Genome-wide analysis of protein-DNA interactions


Arttu Jolma1,2, Jian Yan1, Thomas Whitington1, Martin Enge1, Kazuhiro Nitta1,3, Teemu Kivioja1,2, Mikko Taipale1, Juan M. Vaquerizas4, Nicholas M. Luscombe4, Minna Taipale1,2, Esko Ukkonen2, Yutaka Satou5, Patrick Lemaire3,6 and Jussi Taipale1,2

1Karolinska Institutet, Department of Biosciences and Nutrition; 2University of Helsinki, Finland;3IBDML, Marseilles, France; 4EMBL - European Bioinformatics Institute, Cambridge, UK; 5Department of Zoology, University of Kyoto; 6CRBM, MONTPELLIER, France


      Understanding the information encoded in the human genome requires two genetic codes, the first code specifies how mRNA sequence is converted to protein sequence, and the second code determines where and when the mRNAs are expressed. Although the proteins that read the second, regulatory code – transcription factors (TFs) – have been largely identified, the code is poorly understood as it is not known which sequences TFs can bind in the genome. To understand the regulatory code, we have analyzed the occupancy of the majority of all expressed TFs in human colorectal cancer cells, and analyzed the sequence-specific binding of all human TFs using high-throughput SELEX. Comparison of the human binding profiles with those of house mouse and an early chordate, Ciona intestinalis, revealed that the monomer binding specificity of TFs evolves very slowly, and has been almost completely fixed in the entire chordate lineage, despite complete lack of regulatory element conservation between Ciona and Human.
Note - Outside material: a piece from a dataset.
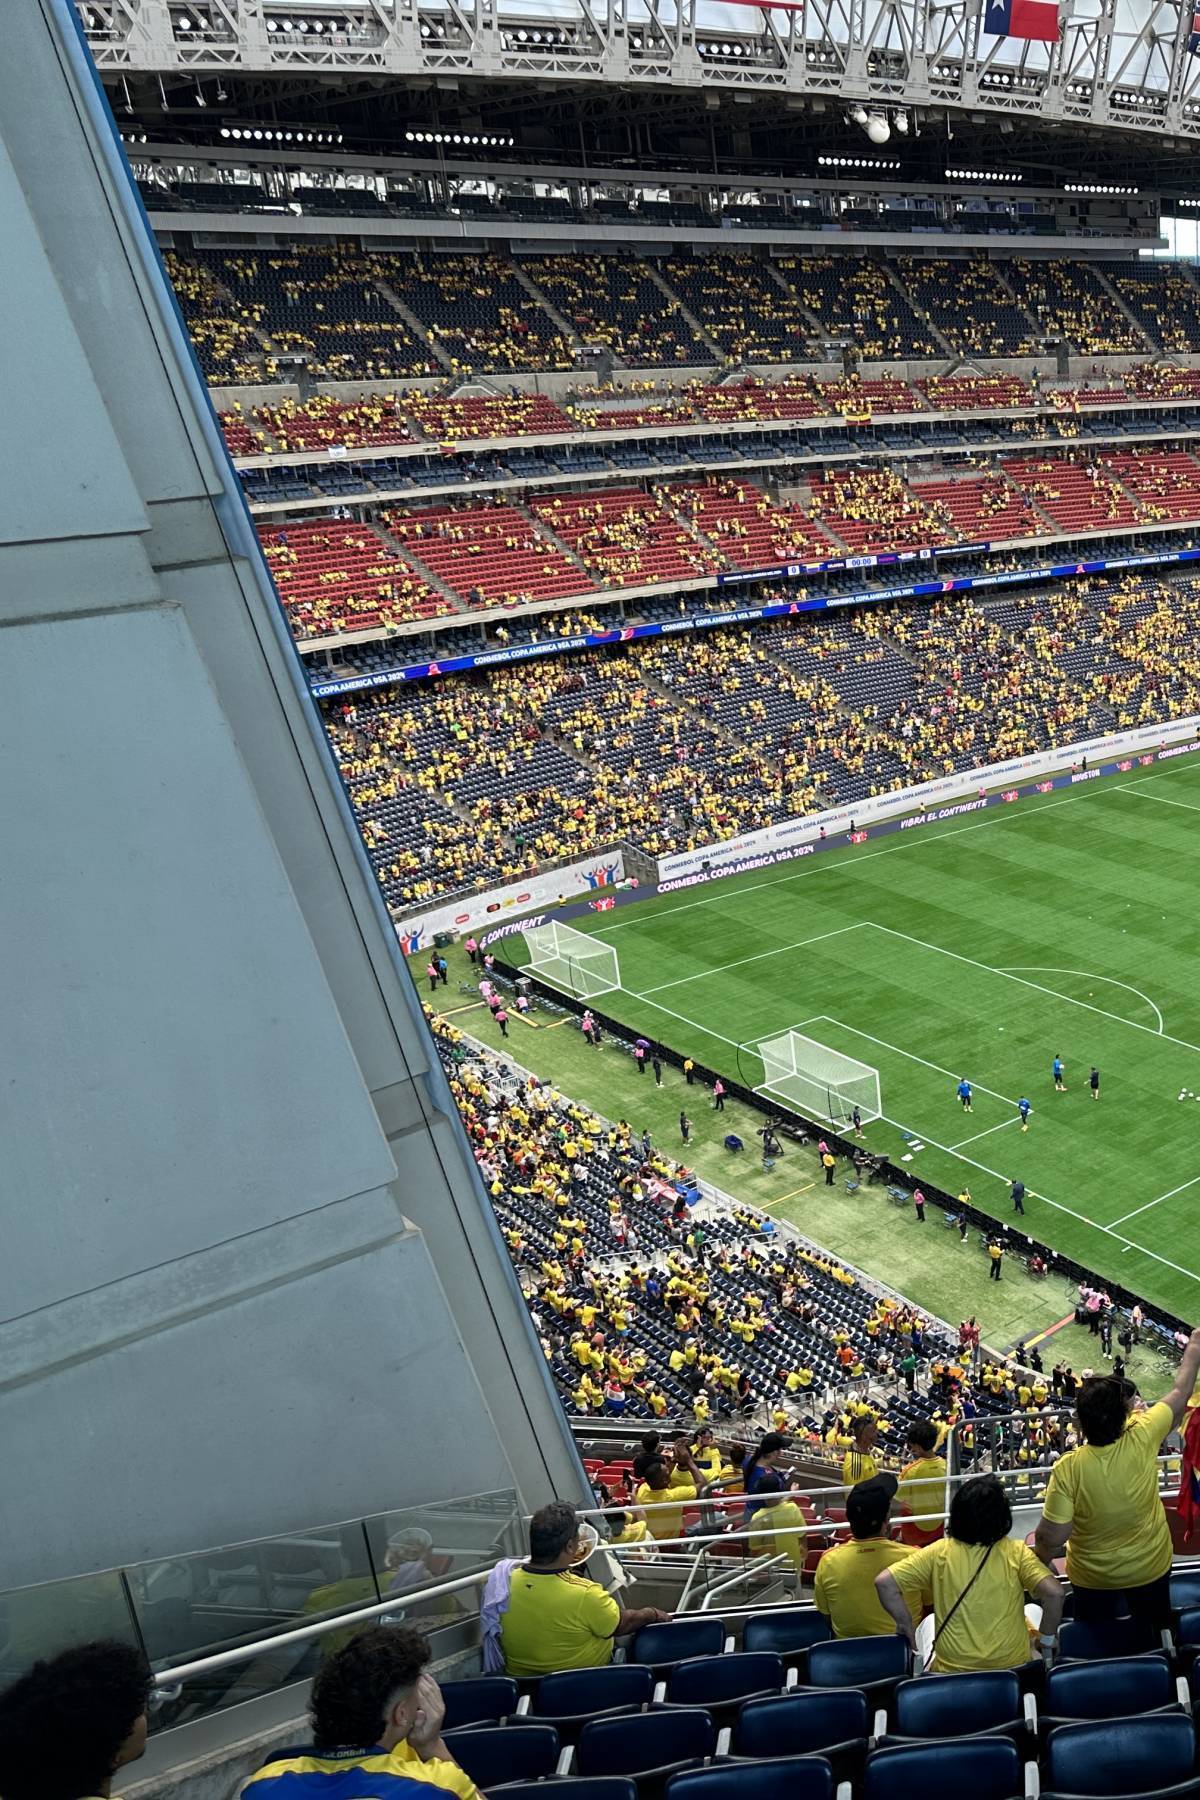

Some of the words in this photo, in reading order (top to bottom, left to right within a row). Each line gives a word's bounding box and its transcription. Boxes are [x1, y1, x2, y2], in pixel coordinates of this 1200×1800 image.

However, factors that bind identical sequences as monomers form dimers with different spacing and orientation preferences, that and these preferences appear to evolve much faster than monomer binding preferences, indicating that changes in spacing and orientation preferences of TFs is a potential source of evolutionary novelty. A binding model that is required to understand binding of TFs to the genome, which incorporates information about protein-protein interactions induced by DNA, and inheritance of epigenetic states across cell division will be discussed.